TC: You’re hitting the road this November with The Tenors to spread some holiday joy. What are you most excited for on this tour?
TS: Honestly, performing in front of people. While I loved staying connected with fans virtually over the past two years, there’s nothing better than a live audience singing along and feeding off of their energy. The Tenors put on an incredible live show and I’m happy to be joining them. I’m also offering my VIP experience for fans as well, which looks a bit different than the traditional meet-and-greets but it’s a real opportunity to connect with my fans before the show, so I’m looking forward to that.
TC: You’ve also worked together with the Tenors to bring back an old holiday favourite, “O Holy Night.” What was it like reworking a classic?

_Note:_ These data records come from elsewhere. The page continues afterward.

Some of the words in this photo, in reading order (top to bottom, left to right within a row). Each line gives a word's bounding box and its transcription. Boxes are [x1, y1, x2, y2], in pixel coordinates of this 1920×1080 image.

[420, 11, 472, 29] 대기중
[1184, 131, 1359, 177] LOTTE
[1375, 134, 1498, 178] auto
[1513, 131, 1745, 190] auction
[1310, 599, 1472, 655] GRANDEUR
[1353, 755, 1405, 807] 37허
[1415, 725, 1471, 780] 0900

TS: I was working on my new Christmas album most of the summer, which seems strange but that’s how far in advance you need to craft music for the holidays. When I was putting together the project, I really wanted to have some type of holiday classic and make it a collaboration. There’s something so warm about voices blending and harmonizing. I landed on “O Holy Night” as one of those staple holiday classics that I felt everyone knew would be this big moment on the album. I called on my friends The Tenors, who I had coincidentally met a few years back at a Santa Claus parade performance. We recently worked together on the ArtistsCAN cover of “Lean On Me” for COVID relief last year. I’m a pop artist and The Tenors are classically trained so that was a learning curve for all of us in the studio in terms of how we orchestrated this song and made it happen. It took a minute, but I think the final version is absolutely incredible. I remember playing it for a few people when the final mix came in and people were getting emotional. I don’t want to make people cry for the holidays but the emotion this song draws from people is really special. I feel this version is timeless.
TC: If you had to get rid of all the Christmas songs in the world, except one, which one would you keep?
TS: One of my all-time favourite Christmas songs is “It’s Beginning to Look a Lot Like Christmas” by Michael Bublé. If he’s the king of Christmas, I want to be the prince! You can hear the magic in his voice.